A housing development in County Longford sits unfinishedPhotocall Ireland

December saw a fall in construction activity for the 31st month in a row. According to the Ulster Bank Construction Purchasing Managers' Index, the building sector showed its steepest decline in seven months.

The index dropped to 33.1 in December from 34.2 in November, its lowest level since May, and below the no change level of 50.

The index reveals that new business and employment also fell at faster rates in December. For the second month in a row, firms forecast that activity would be lower in 12 months' time than current levels.

The index also suggests that new work was insufficient to compensate for the completion of existing projects.
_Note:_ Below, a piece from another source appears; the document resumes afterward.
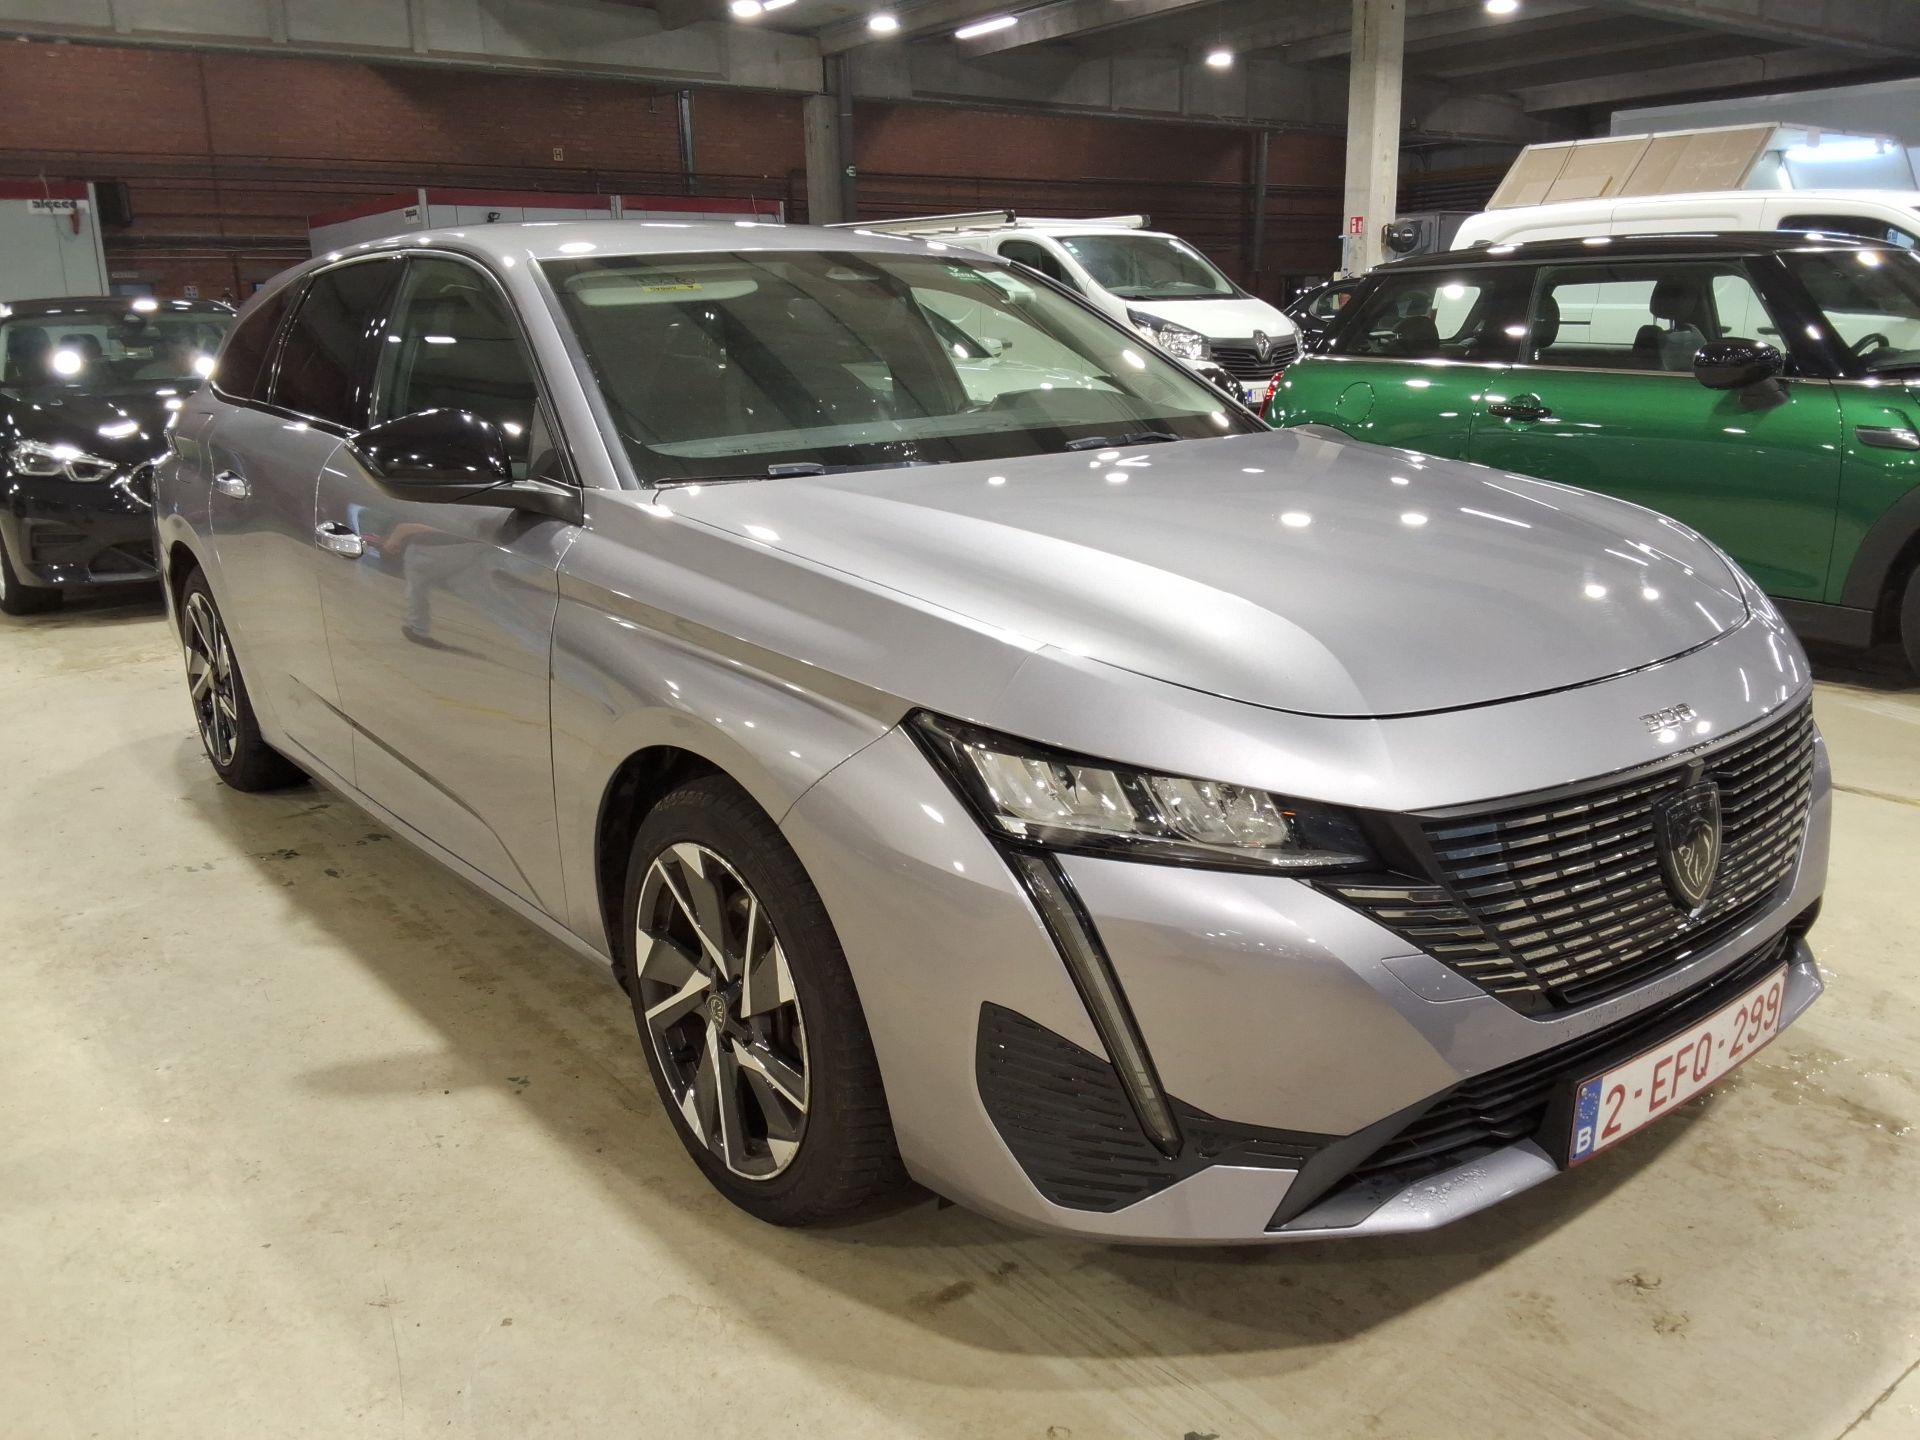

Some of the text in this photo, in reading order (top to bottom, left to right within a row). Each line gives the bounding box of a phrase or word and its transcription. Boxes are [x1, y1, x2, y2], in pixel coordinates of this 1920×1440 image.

[1639, 702, 1697, 733] 308
[1601, 982, 1780, 1140] 2-EFQ-299
[1576, 1126, 1592, 1154] B
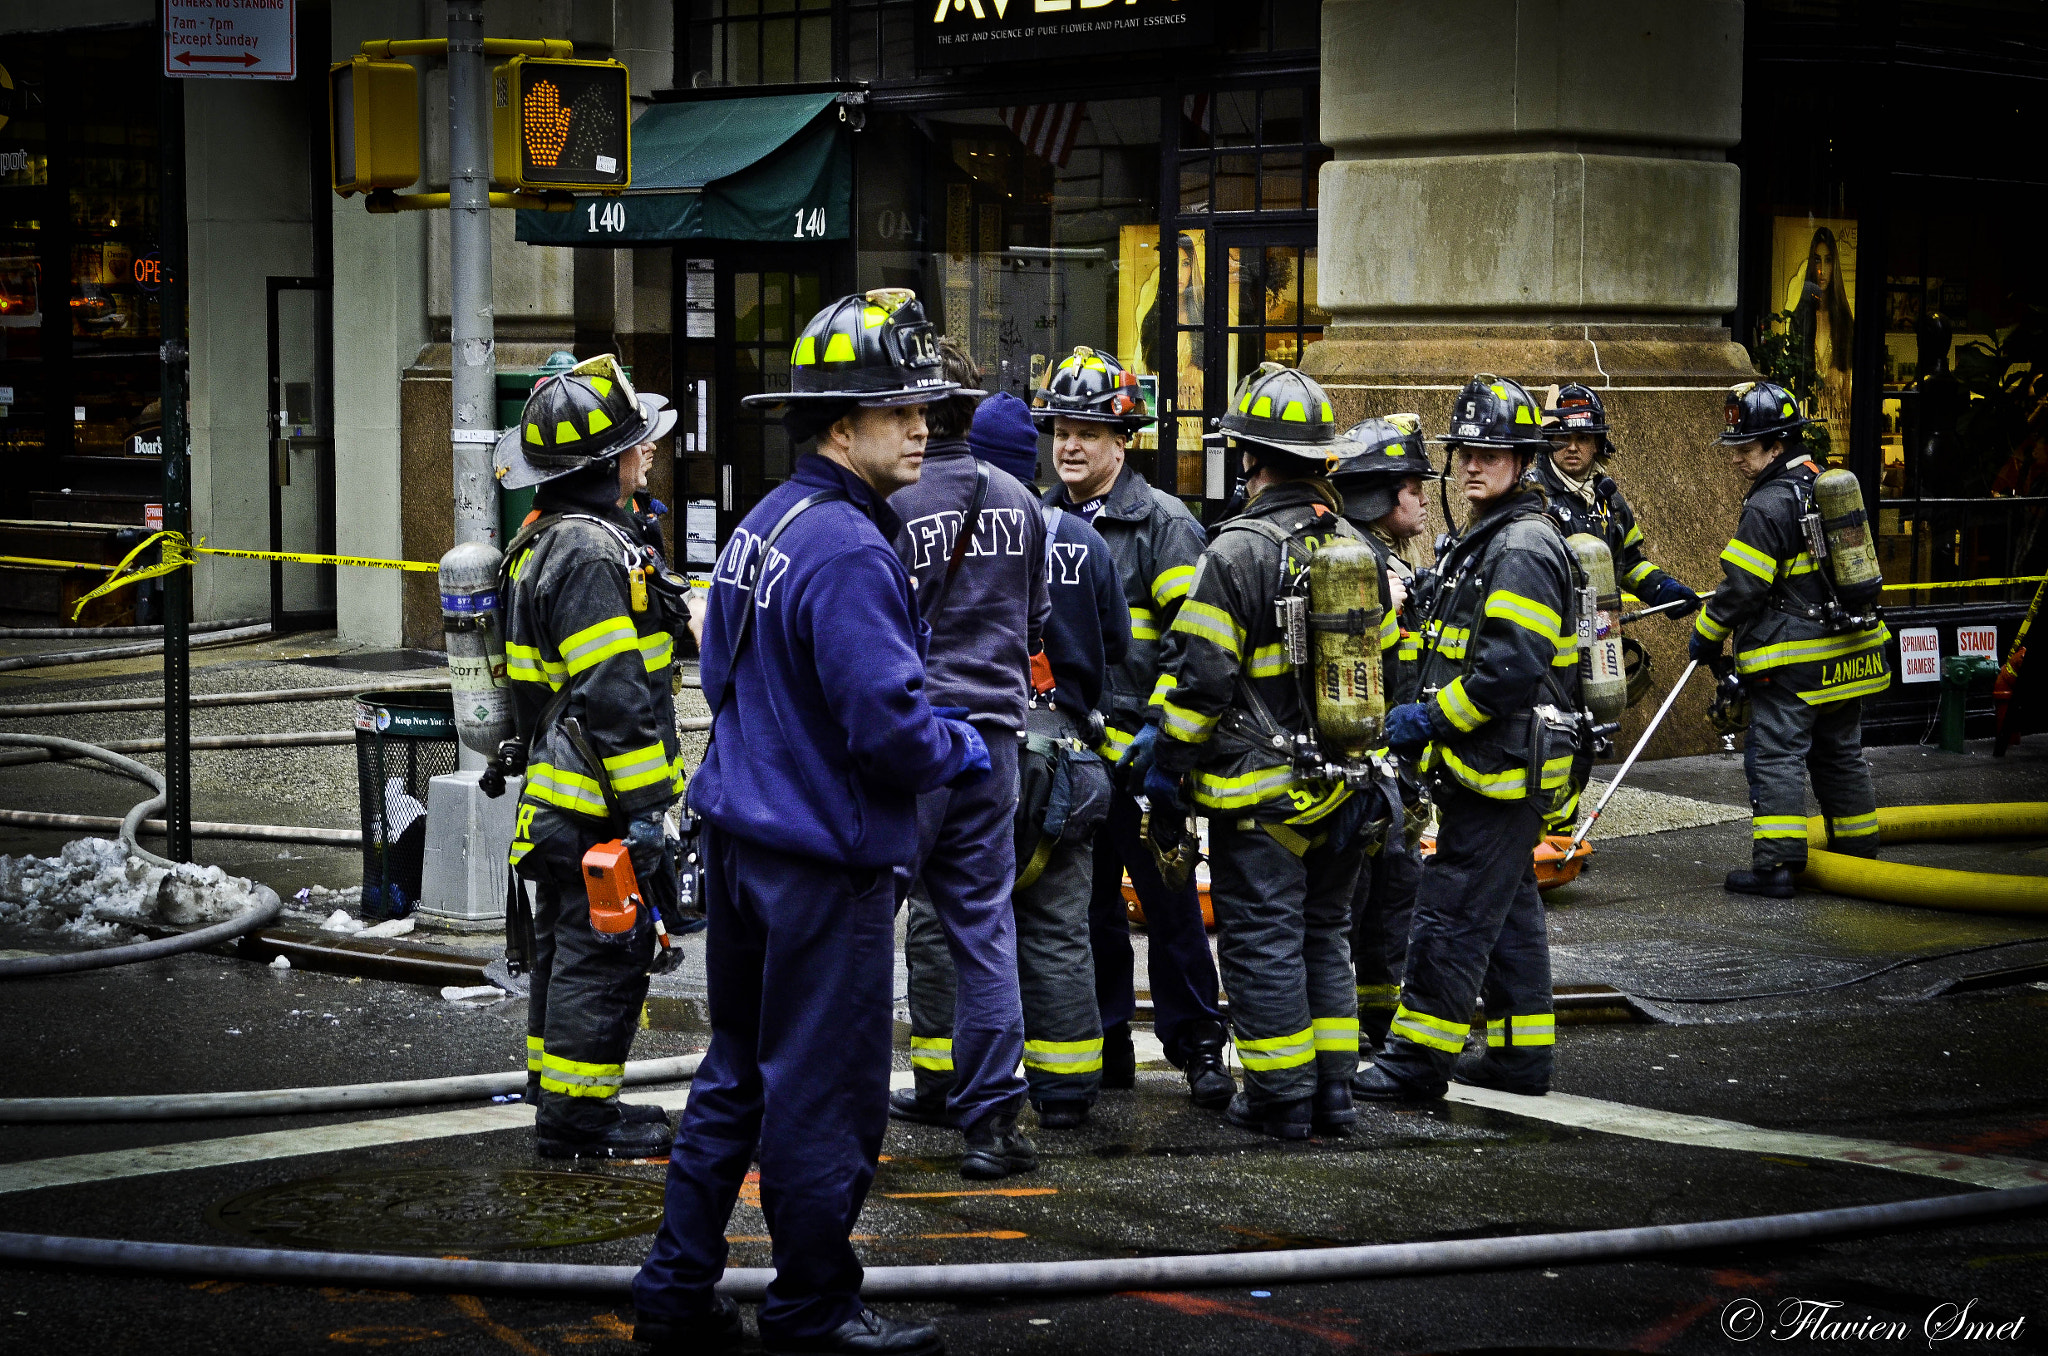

Ulster Bank says that rates of decline accelerated across all three monitored categories last month -- housing, commercial and civil engineering. The steepest reduction was in the commercial sector, with activity falling to 32.3 from 33.2 in November.

The weakest fall was in civil engineering projects, although the decrease here was still substantial. Housing activity fell to 32.6 from 35.1

“The December reading of the Ulster Bank Construction PMI reveals a very weak end to what was an exceptionally challenging year for the Irish construction sector,” commented Simon Barry, chief economist at Ulster Bank.

“At 33.1 the index remains considerably below its no-change benchmark level of 50 and continues to point to a sector that is contracting deeply. While a pick up in international economic conditions is beginning to benefit the Irish manufacturing and service sectors, the same is clearly not true for the domestically-focused construction industry,” he adds.